前回のデザインの話にちょうど関連して面白いインタビュー記事があった。シムシティやザ・シムズなどの多くの人気ゲームを手がけたクリエイター、ウィル・ライト氏の新作「SPORE」に関するインタビュー。
7年がかりで,ついに完成した「SPORE」。プロデューサー,Will Wright氏のインタビューを掲載 (4Gamer.net)
http://www.4gamer.net/games/020/G002026/20080814032/
これは、7年もの長期にわたる上、ライト氏が8人のデザイナーを取りまとめるリードデザイナーとして活動するという大規模プロジェクトなので、そんなに一般的な話ではない。だがそれだけに、デザイナーの役割がかなり色濃く示されている。SPOREは、そのゲームの特徴から、これまでのライト氏の作品以上にシリアスゲーム界隈でも注目されているタイトルだ。2005年のGDCでのSPOREのデモお披露目以降、SPOREに注目していると言及している人々を見かけることが多かった。
このゲームの開発には、当初2年間をリサーチにあて、その後プロトタイプ制作、本格的な開発とだんだんと規模が大きくなって、最終的には120名もの開発チームになったそうだ。このゲームは、普通なら複数のゲームタイトルに分けて出されそうなボリュームのものを一つのタイトルとして出しているようなもので、このようなことは大手ゲーム会社の大規模プロジェクトだからできる。

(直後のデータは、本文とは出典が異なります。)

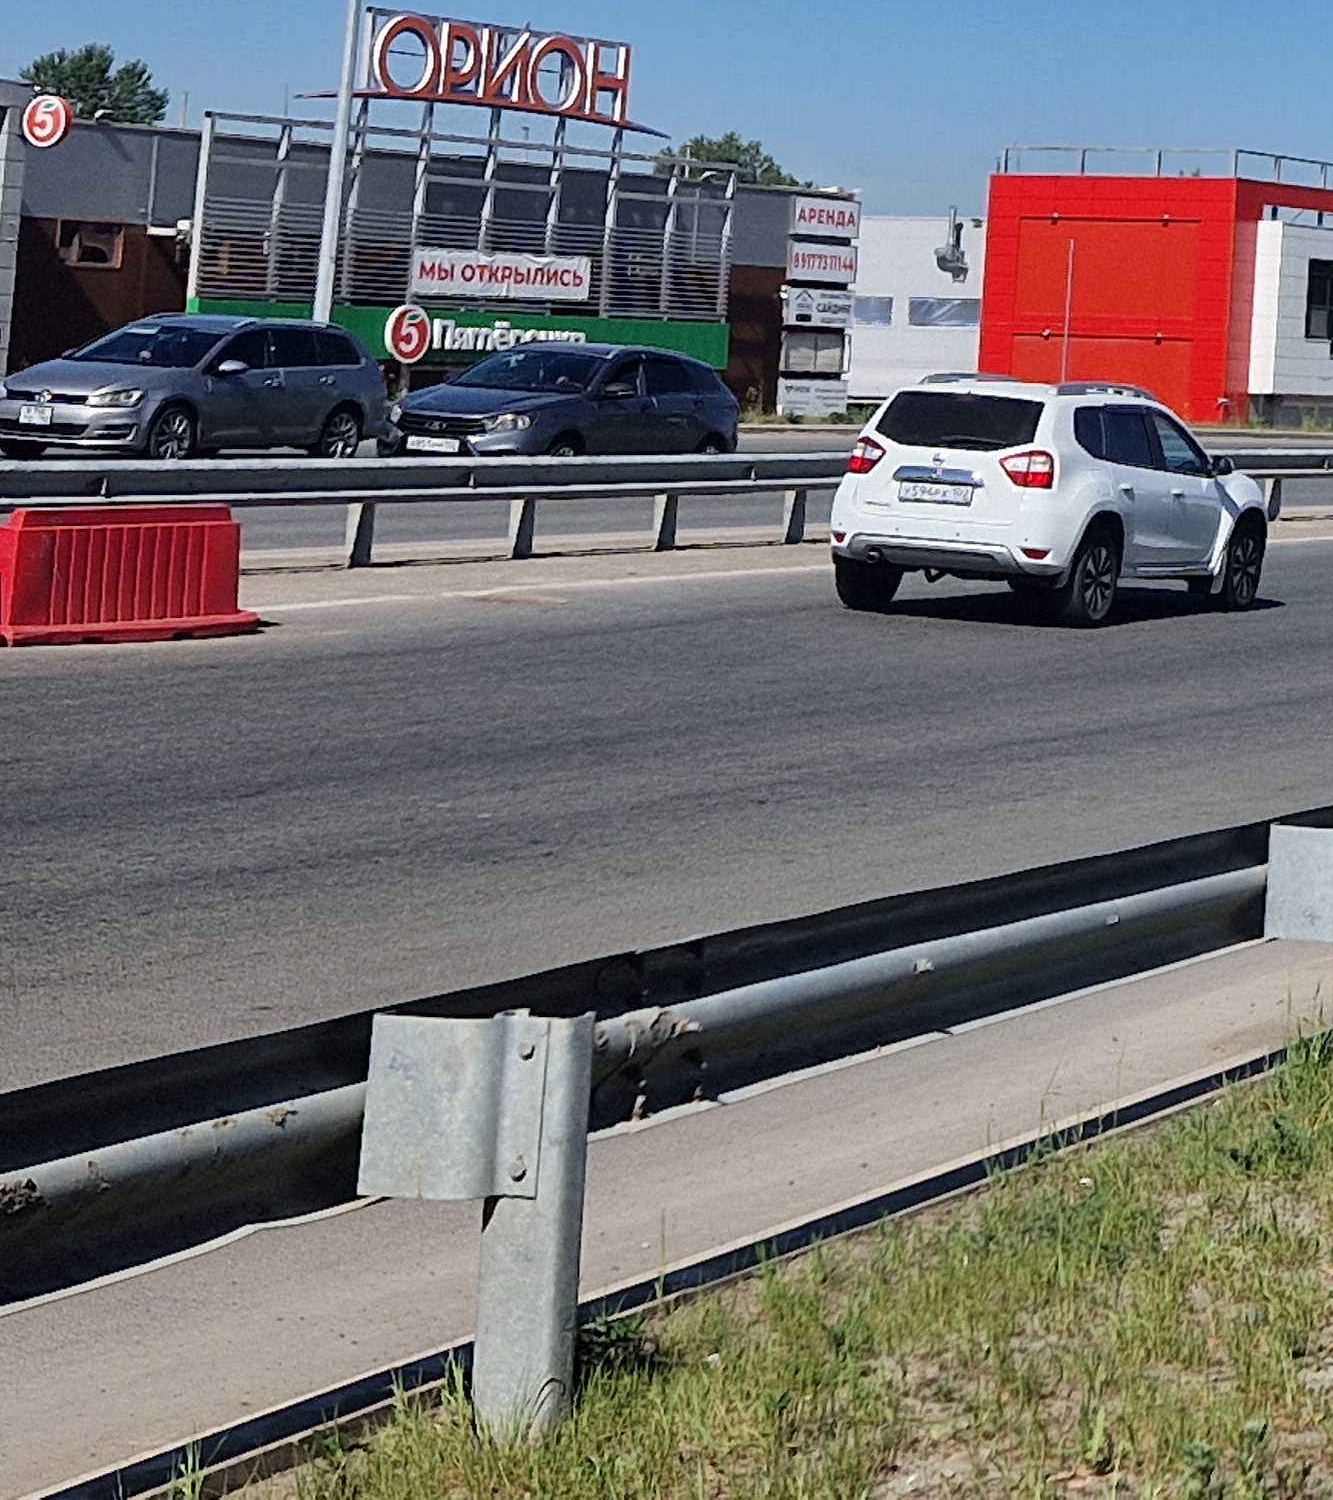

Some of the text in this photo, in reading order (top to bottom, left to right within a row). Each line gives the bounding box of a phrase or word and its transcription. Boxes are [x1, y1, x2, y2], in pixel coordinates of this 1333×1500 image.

長期にわたる開発から、着実に良いゲームに仕上げていき、製品として完成させるというのは、並大抵の経験やスキルでは実現できないだろう。
それからもう一つついでに、少し前の記事だが、カリフォルニア州在住のゲーム開発者IDA-10さんのブログで、アメリカのゲーム開発会社の開発者のデザインの進め方やそのノリの特徴が説明されている。
ゲーム開発における日米の違い(Game Never Sleeps)
http://d.hatena.ne.jp/IDA-10/20080519/1211204273
これは、米国の会社でゲーム開発プロジェクトがどんな感じが描写されていて面白い。これが日米の違いなのかはよくわからないが、実際にその組織の文化やノリの違いがチームの動きに影響するのは確かだろう。これはゲーム開発に限った話ではなくて、何の開発でも同じこと。企画段階ではフットワークよくあれこれ試しながら進める方が効率がよいし、企画やデザインの標準的な進め方がそれに適したものである方がよい。その意味では、ゲームエンジンなどの開発環境が整備されて、個人単位でいろいろと作って試せるようになったのはよい流れなのだろう。
こういう状況がインストラクショナルデザインに関してどうなのかを対比して考えてみると、どのあたりを変えていく必要があるか考えていく上で参考になると思う。